The Ritz Carlton, Westin Peachtree Plaza, Georgia-Pacific Building, SunTrust Plaza (where more than 60 people had to be relocated out of their offices), Equitable Building, and Georgia State University also had windows blown out (300 at Equitable alone), as did the Tabernacle (a former church with stained glass that is now a concert venue). The windows of the Westin continued to fall for days after the tornado, forcing police to keep several city blocks and MARTA's Peachtree Center station closed to pedestrians.
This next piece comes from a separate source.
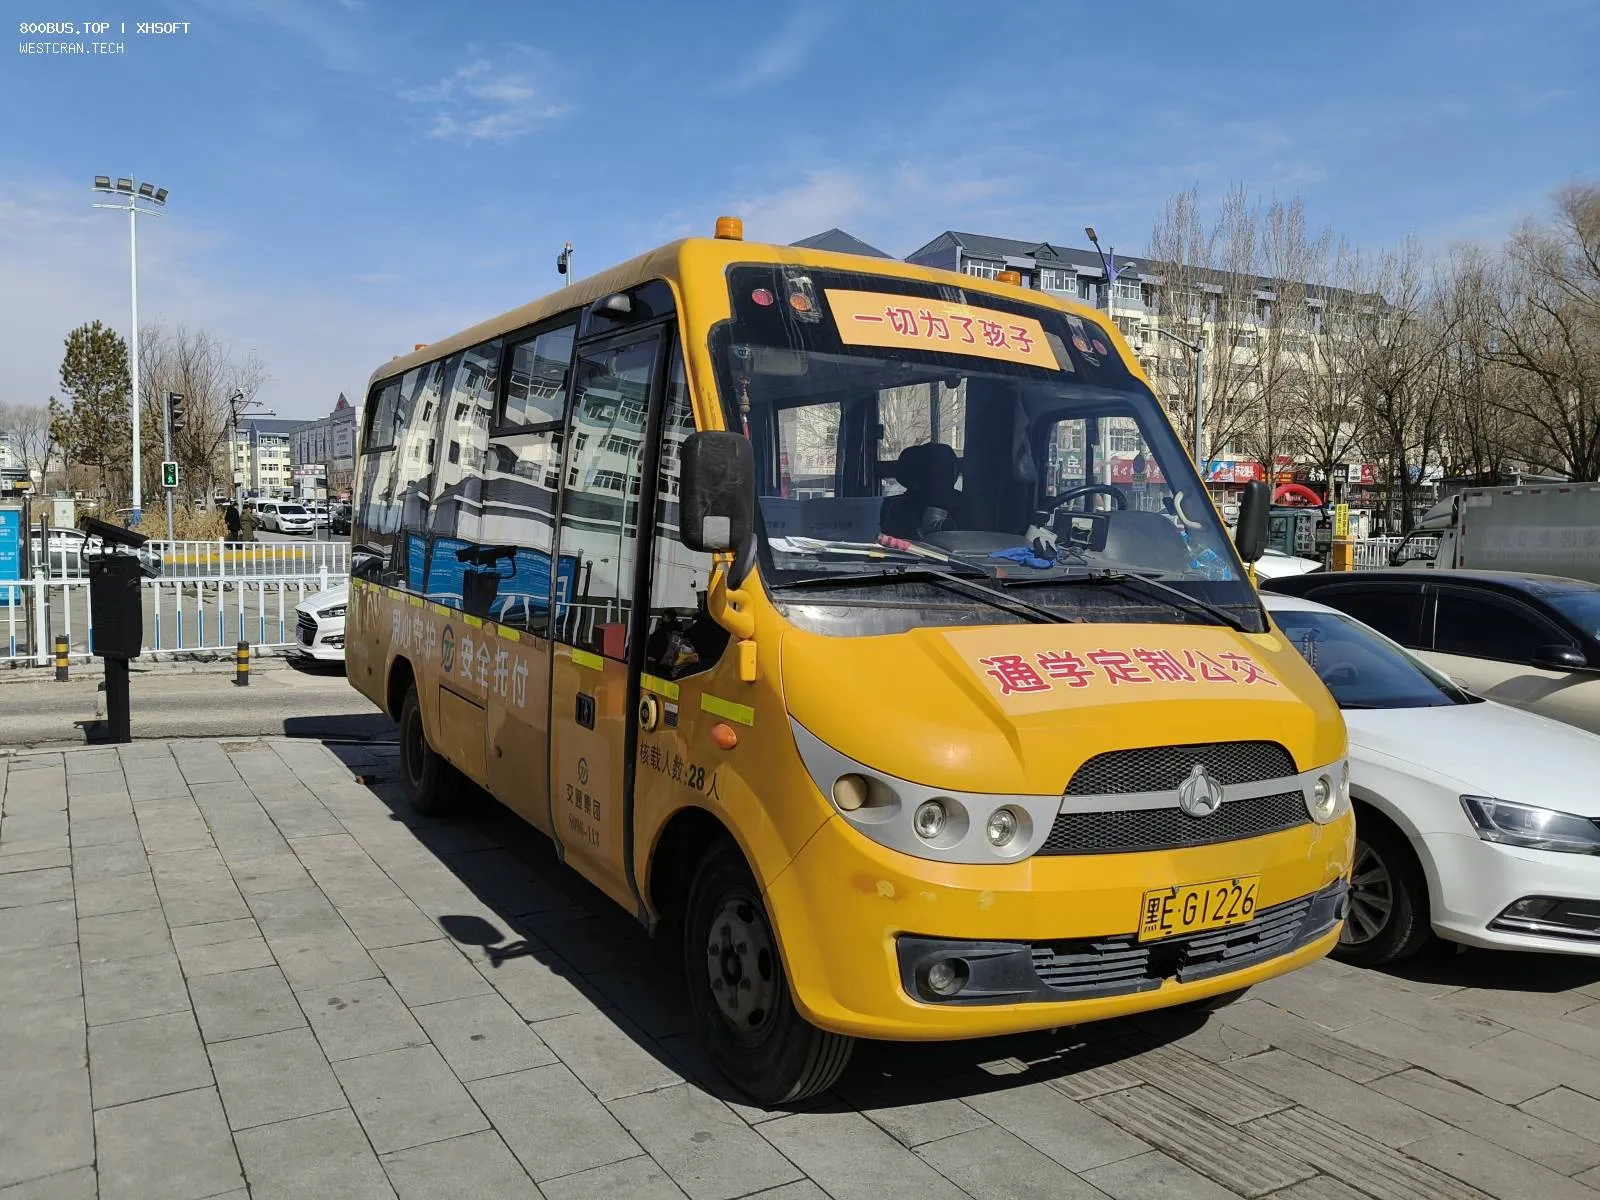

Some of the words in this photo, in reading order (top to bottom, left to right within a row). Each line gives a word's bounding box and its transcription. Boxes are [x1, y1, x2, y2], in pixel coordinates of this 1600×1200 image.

The Georgia World Congress Center also sustained flooding while hosting a JROTC event and the Hinman Dental Meeting; Fox Sports Net took footage of a staircase in the new section of the complex that looked like a fountain with water cascading down it. The annual Atlanta Home Show and all other events were cancelled for the weekend in the GWCC complex, as was the Atlanta St. Patrick's Day Parade scheduled for the next day. WRAS FM at Georgia State University was off the air for two days, though it was not stated whether its studio or tower sustained damage, or if this was due to security or safety concerns, or power outages. The historic Rialto Theatre at GSU also sustained roof damage, which caused water damage inside.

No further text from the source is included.